> **EXERCISE BRIEF**:
Your output should be the line with "Some of the text" plus all following lines to the end of the records, exactly as written and nothing more.

> **Saved entries**:
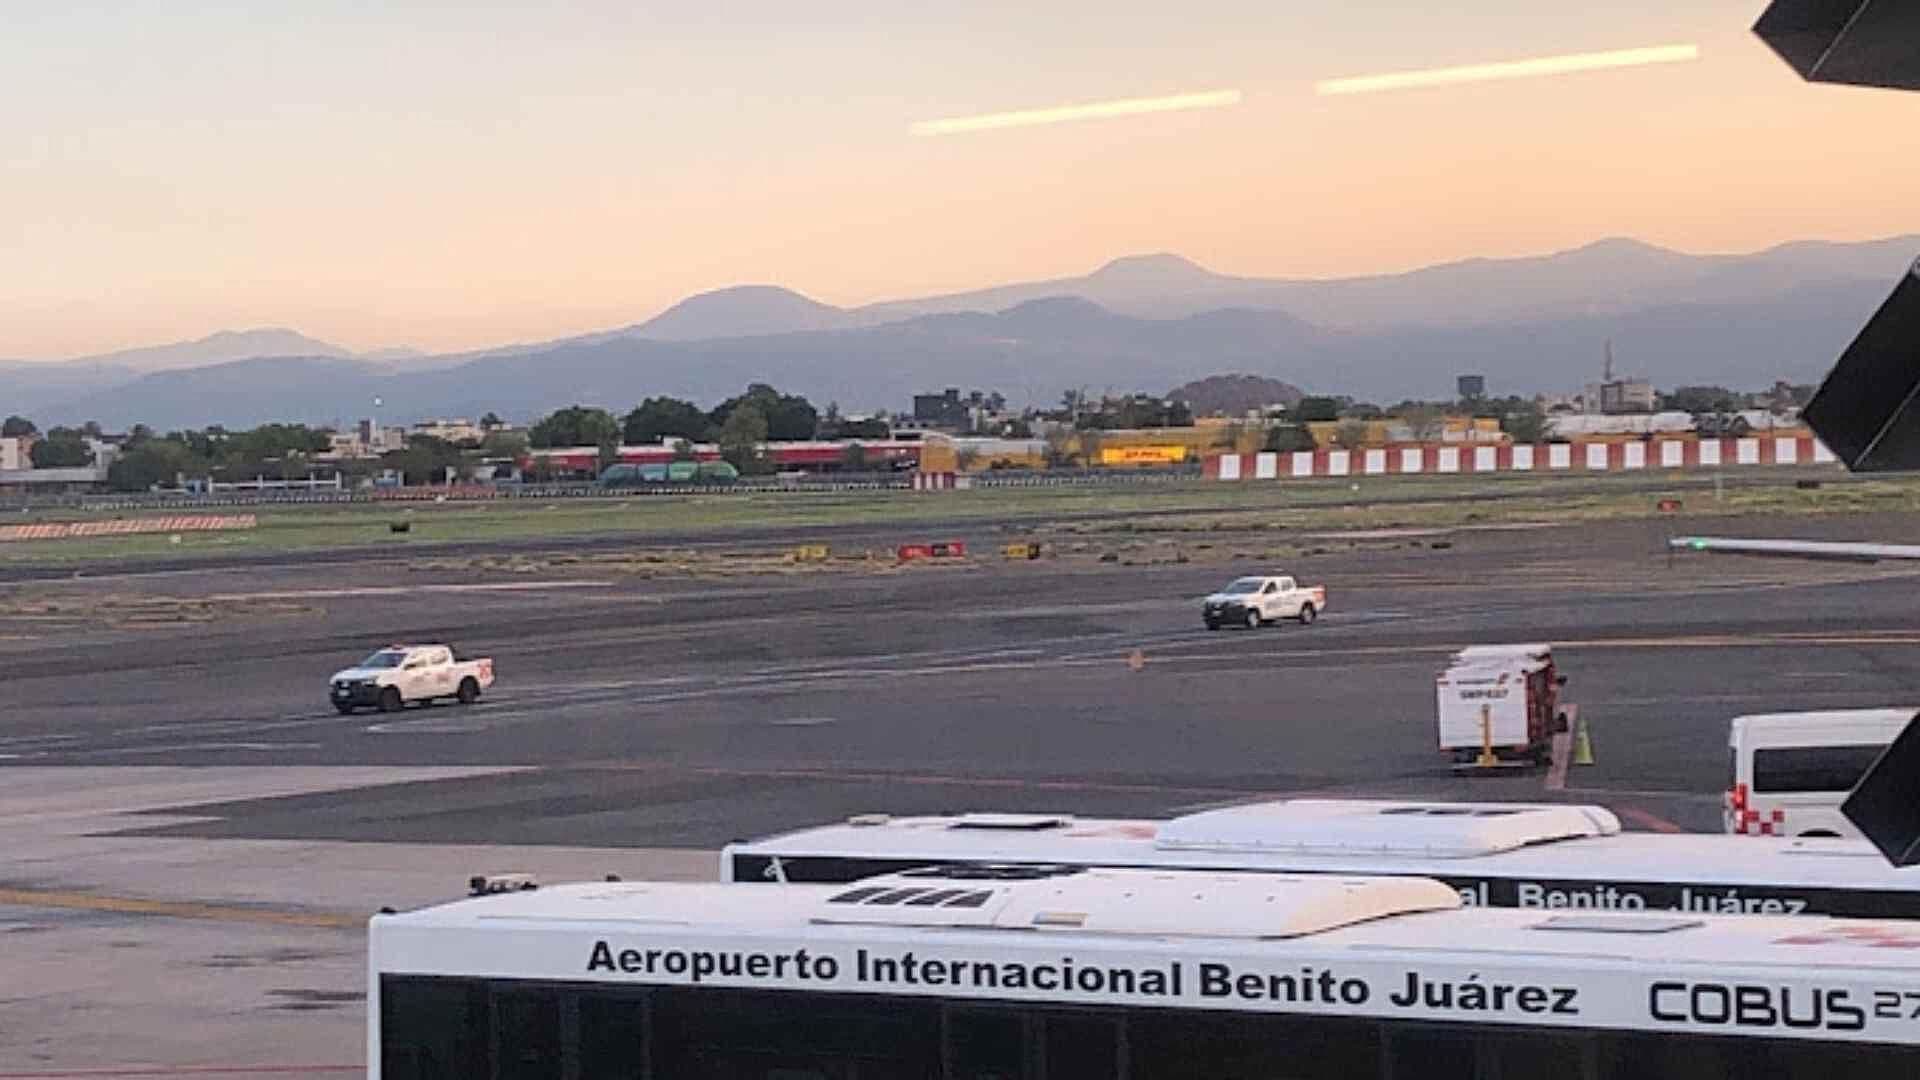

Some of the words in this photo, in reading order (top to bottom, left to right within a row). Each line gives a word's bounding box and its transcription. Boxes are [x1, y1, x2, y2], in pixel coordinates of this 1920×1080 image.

[1518, 883, 1646, 912] Benito
[586, 940, 840, 982] Aeropuerto
[856, 949, 1181, 996] Internacional
[1200, 963, 1370, 1005] Benito
[1389, 972, 1579, 1015] Juárez
[1650, 981, 1866, 1031] COBUS
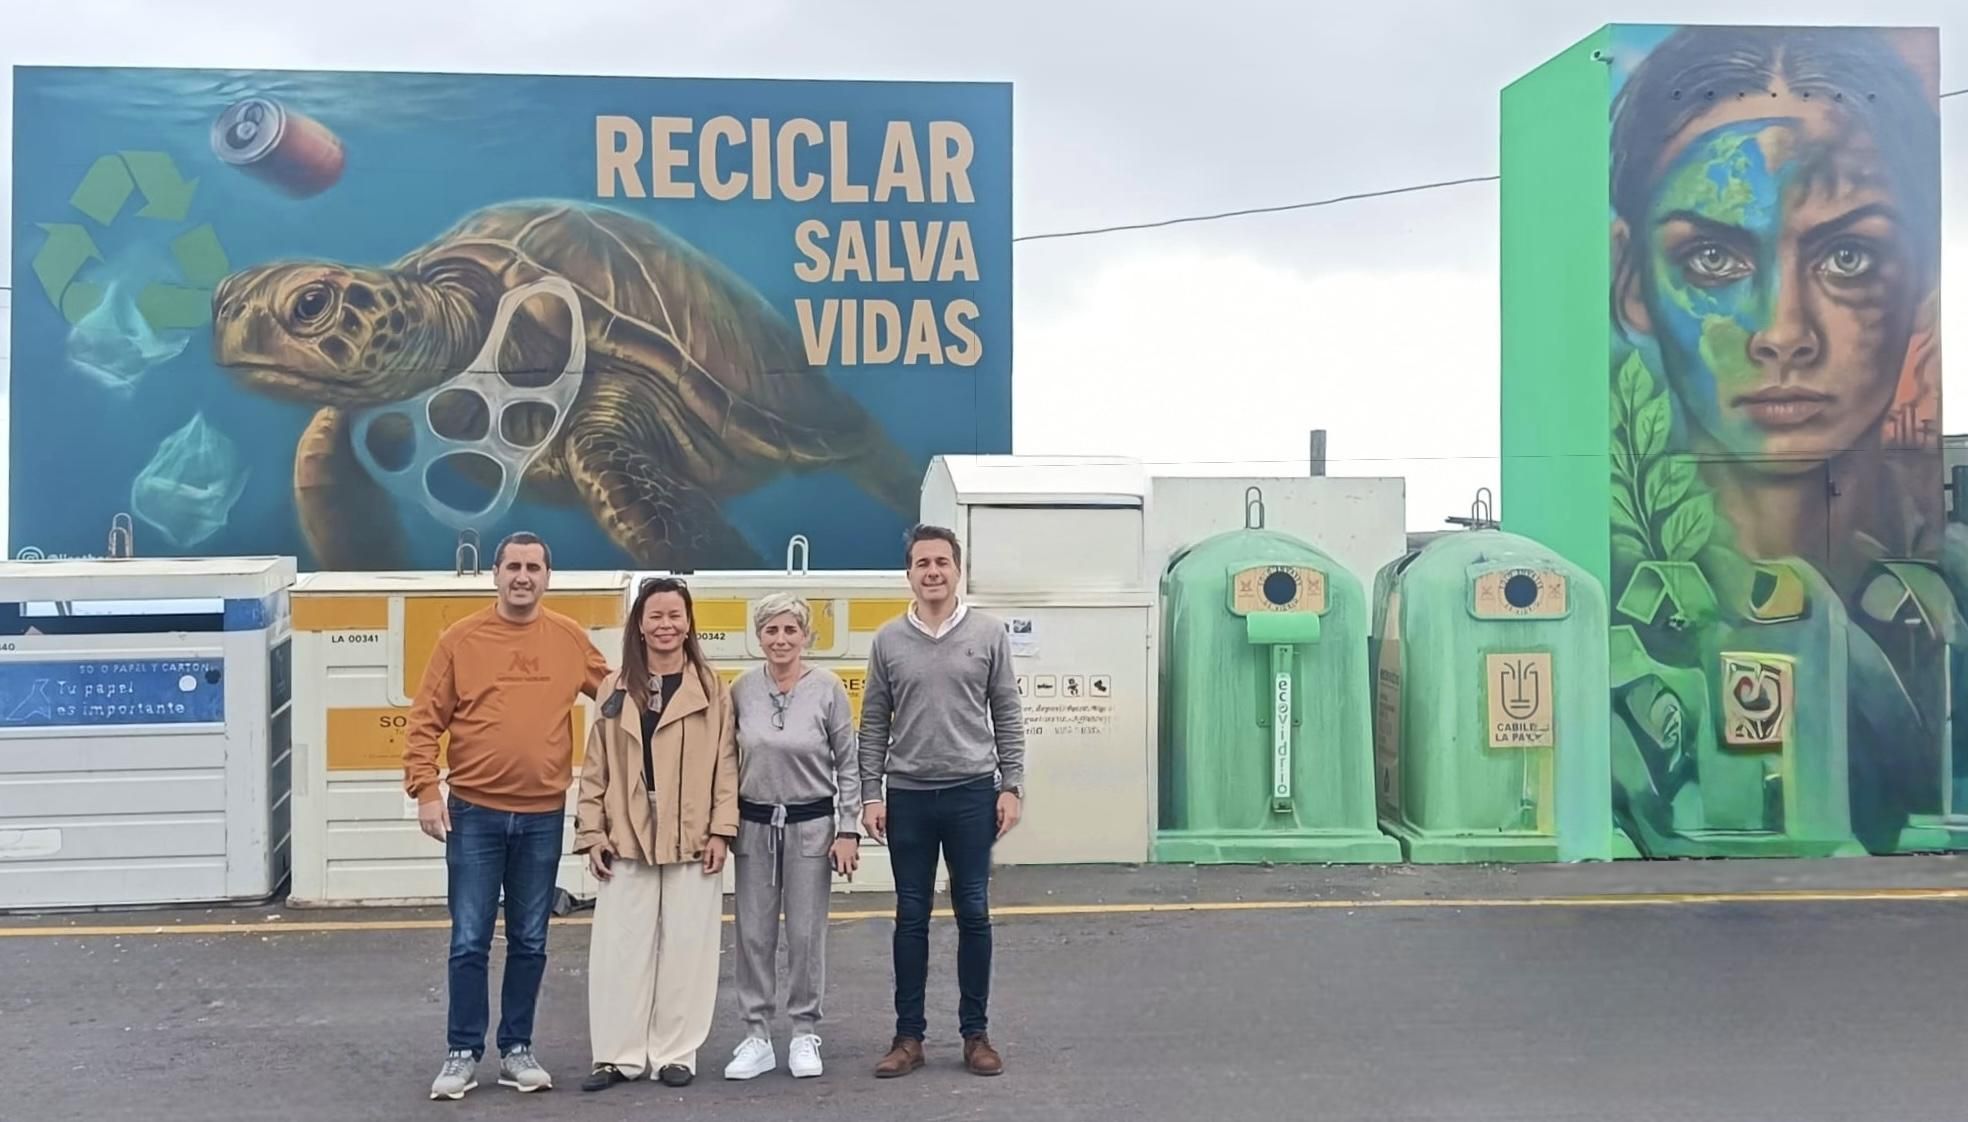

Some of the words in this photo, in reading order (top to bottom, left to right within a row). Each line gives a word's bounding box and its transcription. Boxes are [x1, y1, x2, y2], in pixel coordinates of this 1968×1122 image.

[596, 114, 976, 204] RECICLAR
[793, 219, 980, 283] SALVA
[794, 298, 984, 367] VIDAS
[331, 635, 345, 644] LA
[348, 634, 379, 643] 00341
[113, 664, 146, 673] PAPEL
[152, 663, 158, 672] Y
[57, 681, 76, 695] Tu
[85, 680, 133, 697] papel
[57, 706, 76, 716] es
[82, 702, 185, 718] importante
[1277, 680, 1289, 795] ecovidrio
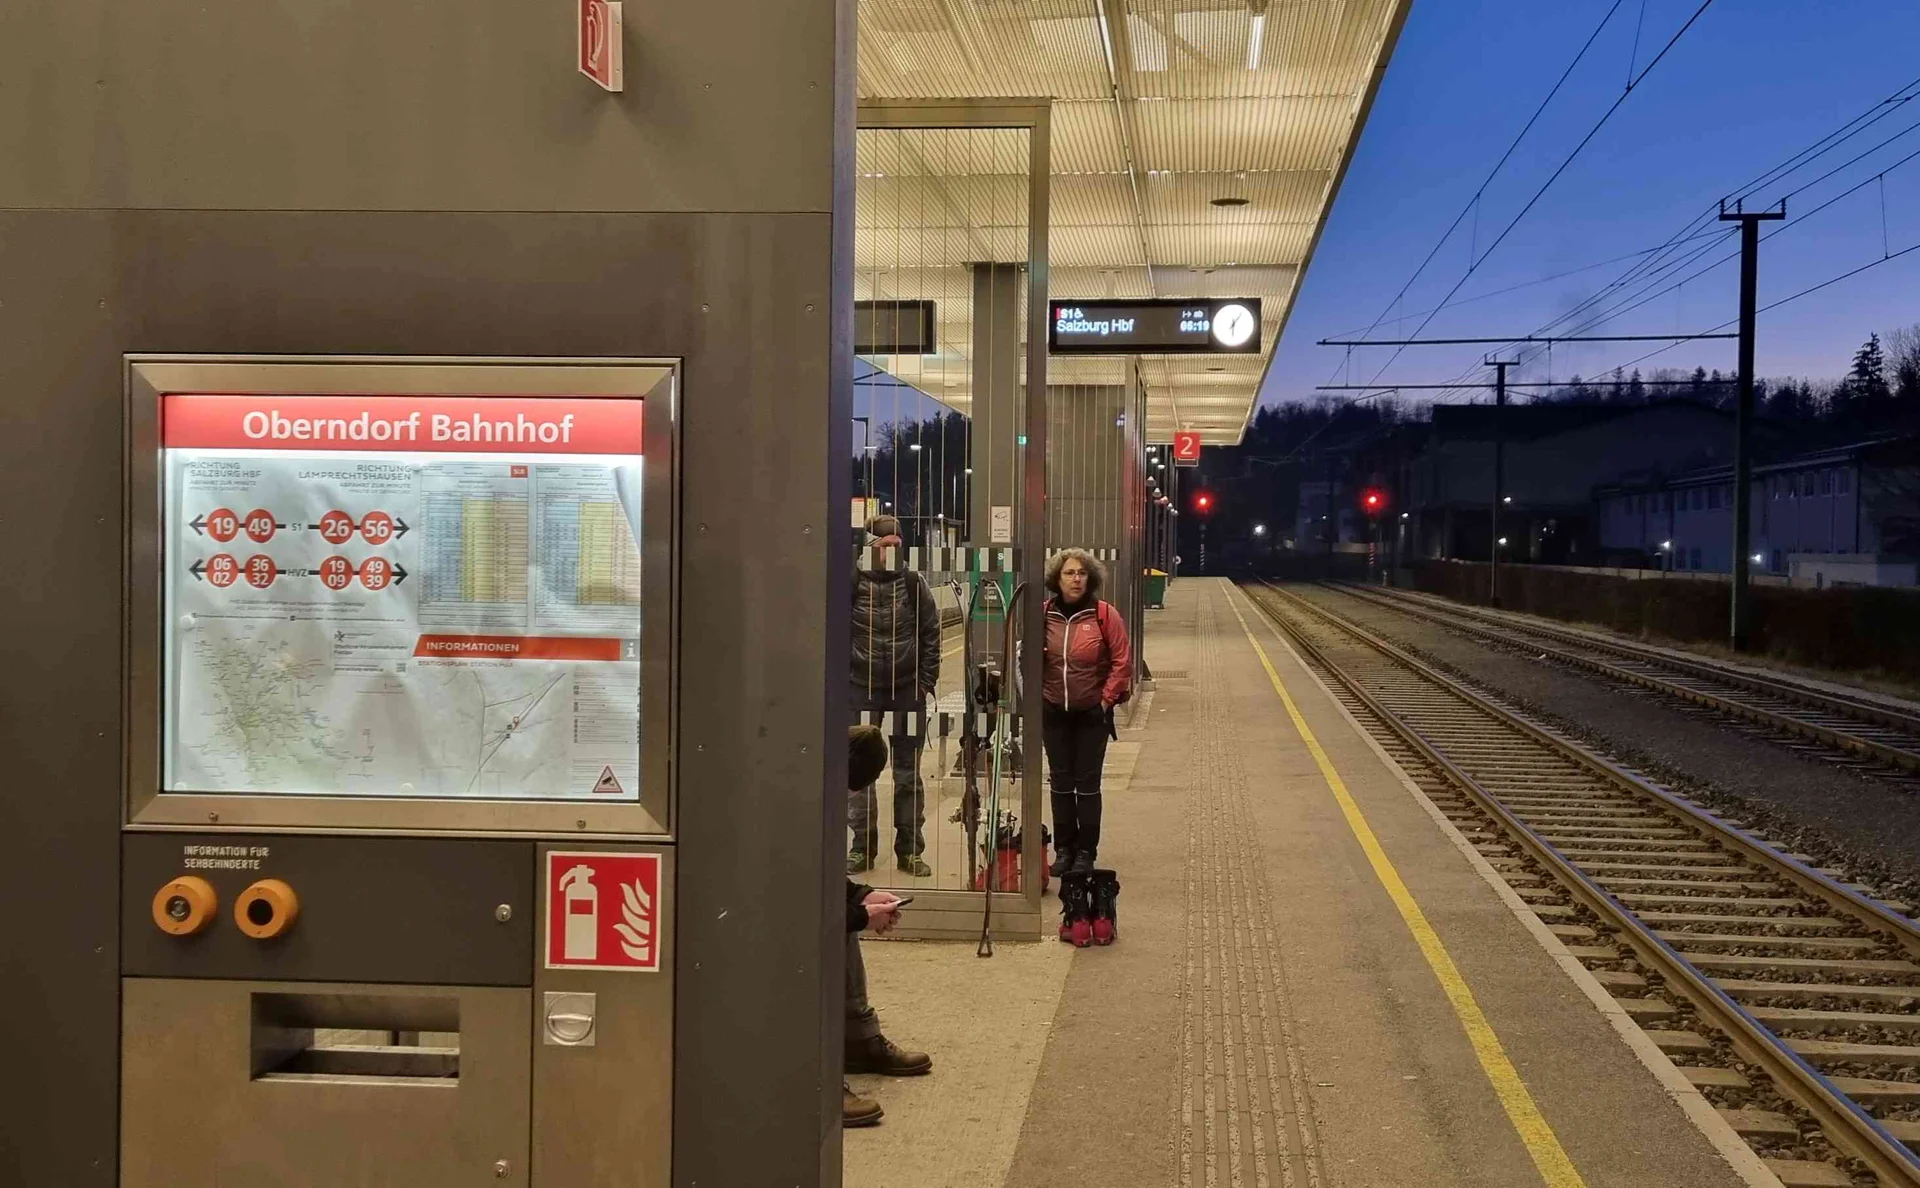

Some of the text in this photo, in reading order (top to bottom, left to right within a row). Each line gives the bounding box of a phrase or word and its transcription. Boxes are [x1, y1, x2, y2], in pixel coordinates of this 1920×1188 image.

[1060, 308, 1074, 319] S1
[1056, 319, 1135, 335] Salzburg Hbf
[242, 410, 574, 443] Oberndorf Bahnhof
[1180, 436, 1193, 455] 2
[190, 461, 241, 469] RICHTUNG
[357, 464, 411, 473] RICHTUNG
[190, 469, 262, 478] SALZBURG HBF
[298, 471, 411, 481] LAMPRECHTSHAUSEN
[213, 517, 234, 535] 19
[249, 517, 271, 536] 49
[291, 523, 302, 531] S1
[325, 519, 348, 538] 26
[365, 519, 388, 538] 56
[213, 557, 231, 571] 06
[252, 558, 269, 571] 36
[330, 560, 345, 573] 19
[366, 560, 384, 574] 49
[213, 572, 230, 585] 02
[287, 568, 307, 577] HVZ
[252, 573, 268, 586] 32
[327, 574, 346, 587] 09
[366, 574, 384, 587] 39
[426, 642, 519, 652] INFORMATIONEN
[184, 845, 247, 856] INFORMATION
[184, 858, 260, 869] SEHBEHINDERTE

> **RESULT OF THIS TASK**:
Some of the text in this photo, in reading order (top to bottom, left to right within a row). Each line gives the bounding box of a phrase or word and its transcription. Boxes are [x1, y1, x2, y2], in pixel coordinates of this 1920×1188 image.

[1060, 308, 1074, 319] S1
[1056, 319, 1135, 335] Salzburg Hbf
[242, 410, 574, 443] Oberndorf Bahnhof
[1180, 436, 1193, 455] 2
[190, 461, 241, 469] RICHTUNG
[357, 464, 411, 473] RICHTUNG
[190, 469, 262, 478] SALZBURG HBF
[298, 471, 411, 481] LAMPRECHTSHAUSEN
[213, 517, 234, 535] 19
[249, 517, 271, 536] 49
[291, 523, 302, 531] S1
[325, 519, 348, 538] 26
[365, 519, 388, 538] 56
[213, 557, 231, 571] 06
[252, 558, 269, 571] 36
[330, 560, 345, 573] 19
[366, 560, 384, 574] 49
[213, 572, 230, 585] 02
[287, 568, 307, 577] HVZ
[252, 573, 268, 586] 32
[327, 574, 346, 587] 09
[366, 574, 384, 587] 39
[426, 642, 519, 652] INFORMATIONEN
[184, 845, 247, 856] INFORMATION
[184, 858, 260, 869] SEHBEHINDERTE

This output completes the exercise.